Work request — Before writing out the records, remove the pictures; keep everything else exact.
☆ ☆ ☆
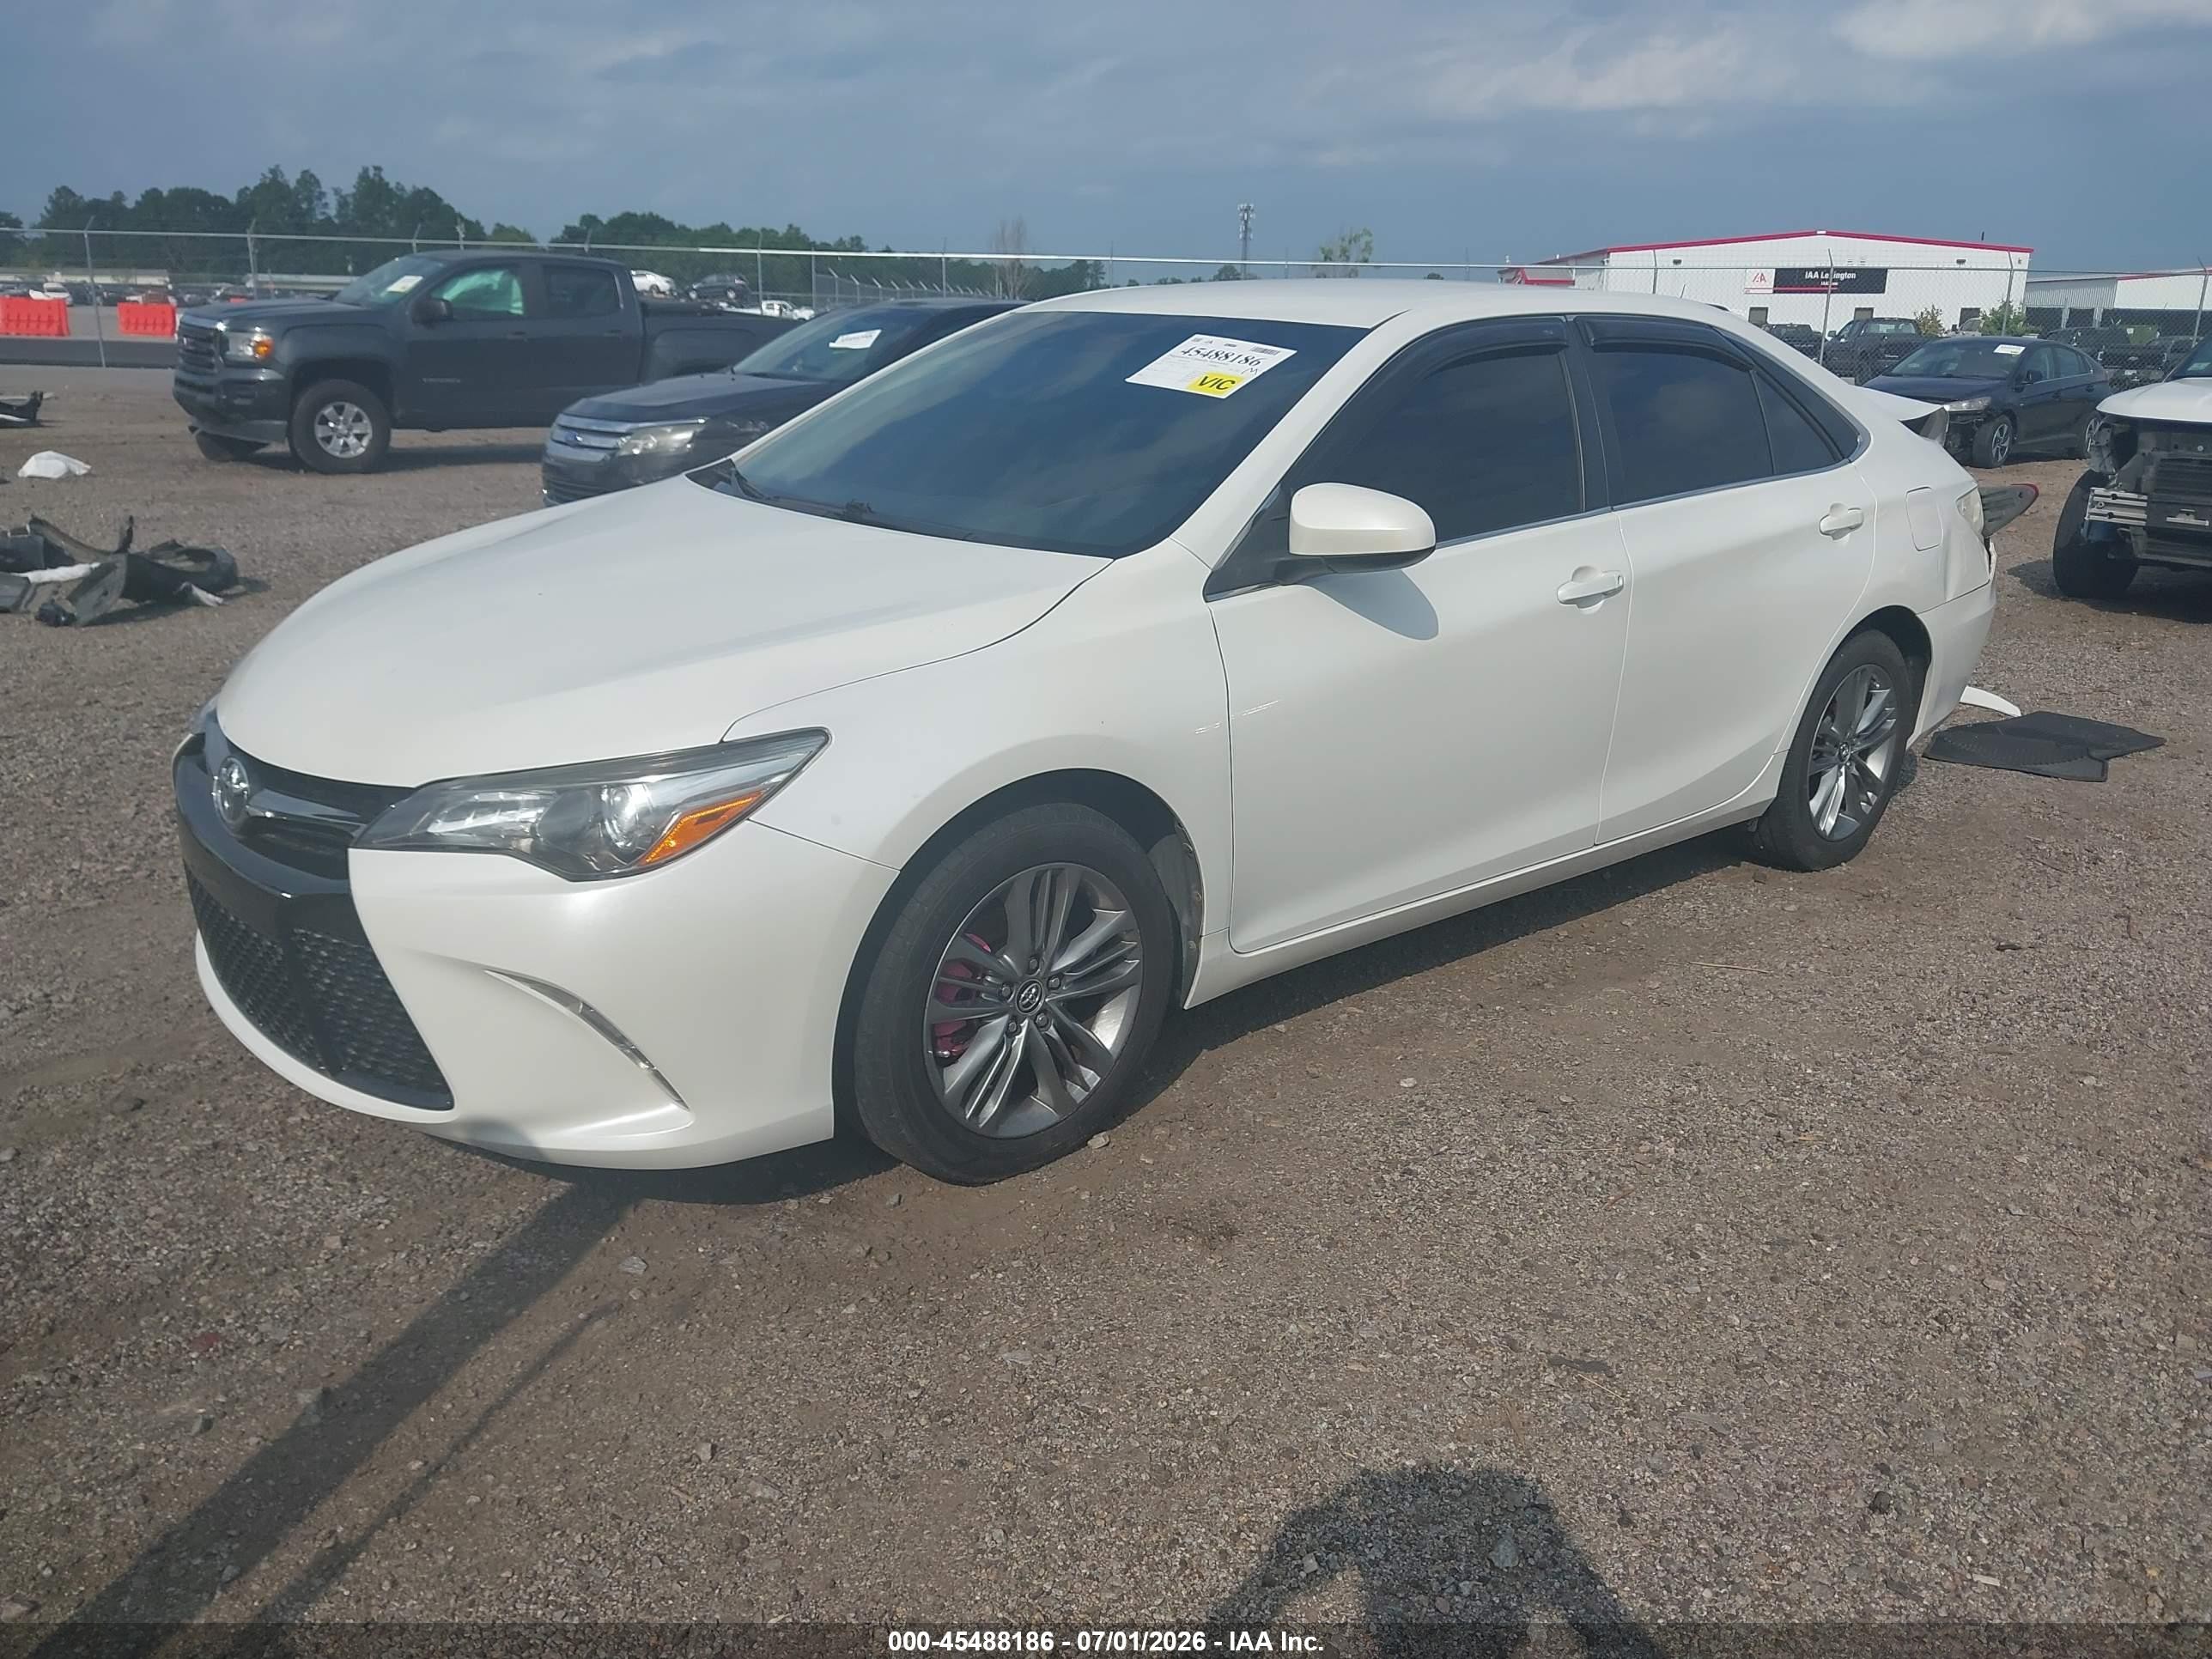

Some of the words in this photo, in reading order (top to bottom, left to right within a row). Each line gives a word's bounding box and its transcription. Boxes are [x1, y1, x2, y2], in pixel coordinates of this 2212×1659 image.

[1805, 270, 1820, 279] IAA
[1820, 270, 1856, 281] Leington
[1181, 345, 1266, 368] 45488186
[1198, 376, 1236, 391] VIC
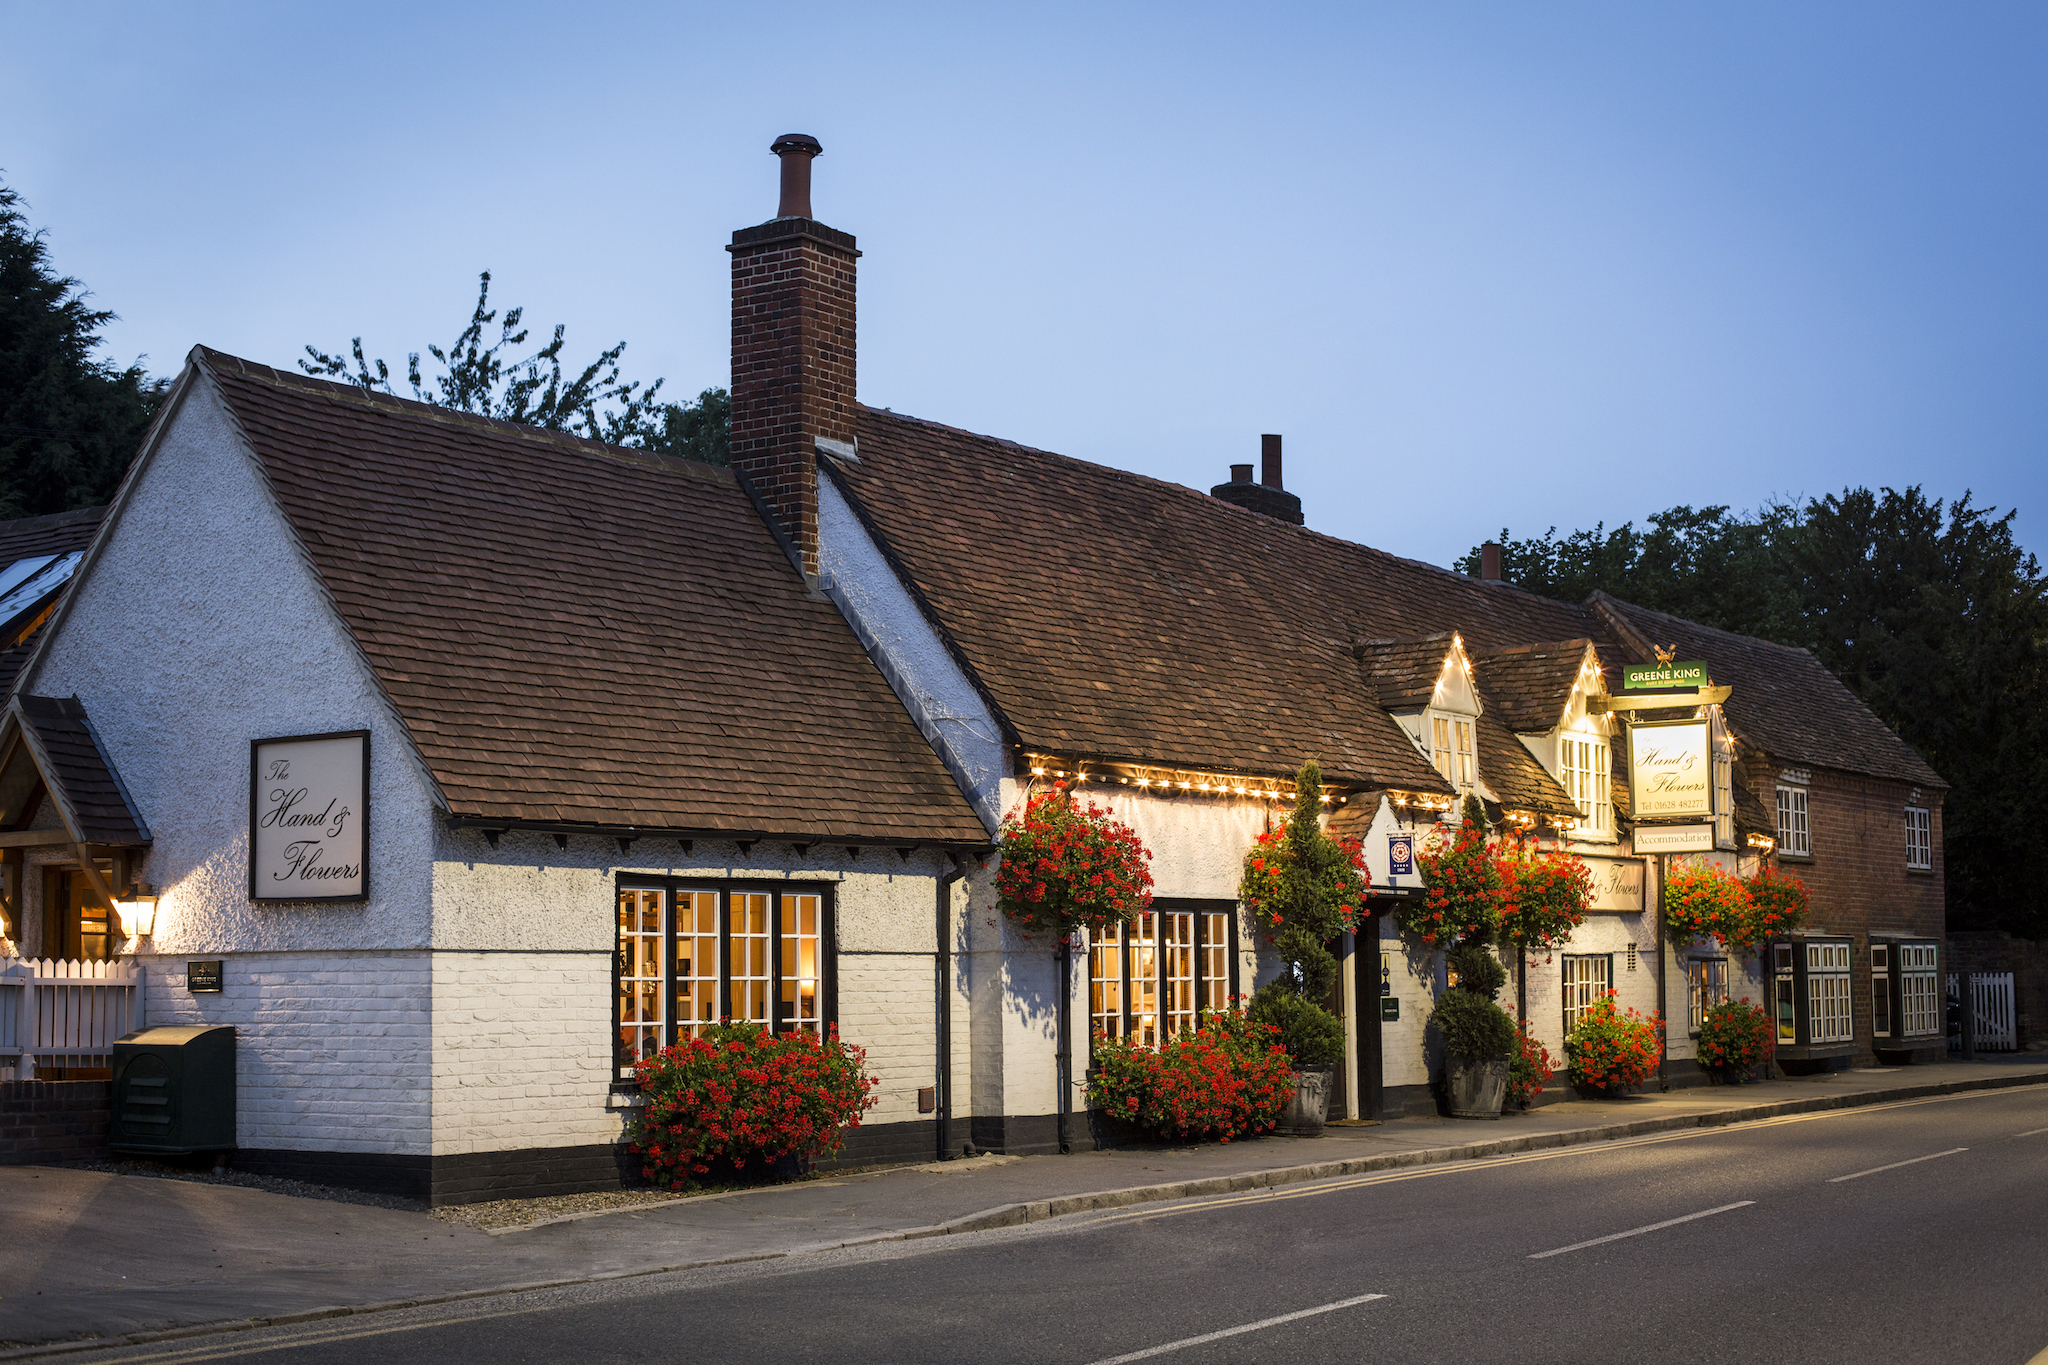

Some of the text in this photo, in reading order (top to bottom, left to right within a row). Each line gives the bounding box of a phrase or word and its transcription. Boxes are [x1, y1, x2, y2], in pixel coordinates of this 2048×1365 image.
☆ ☆ ☆
Written reply —
Some of the words in this photo, in reading order (top to bottom, left to right within a row). Each line gives a word's bounding box and its transcription. Boxes are [x1, y1, x2, y2], in pixel coordinates of this 2212×1659 image.

[1805, 270, 1820, 279] IAA
[1820, 270, 1856, 281] Leington
[1181, 345, 1266, 368] 45488186
[1198, 376, 1236, 391] VIC

Some of the text in this photo, in reading order (top to bottom, left to right within a row). Each line gives the bounding box of a phrase or word and its transcription. Boxes are [x1, y1, x2, y2], in pixel coordinates of this 2048×1365 image.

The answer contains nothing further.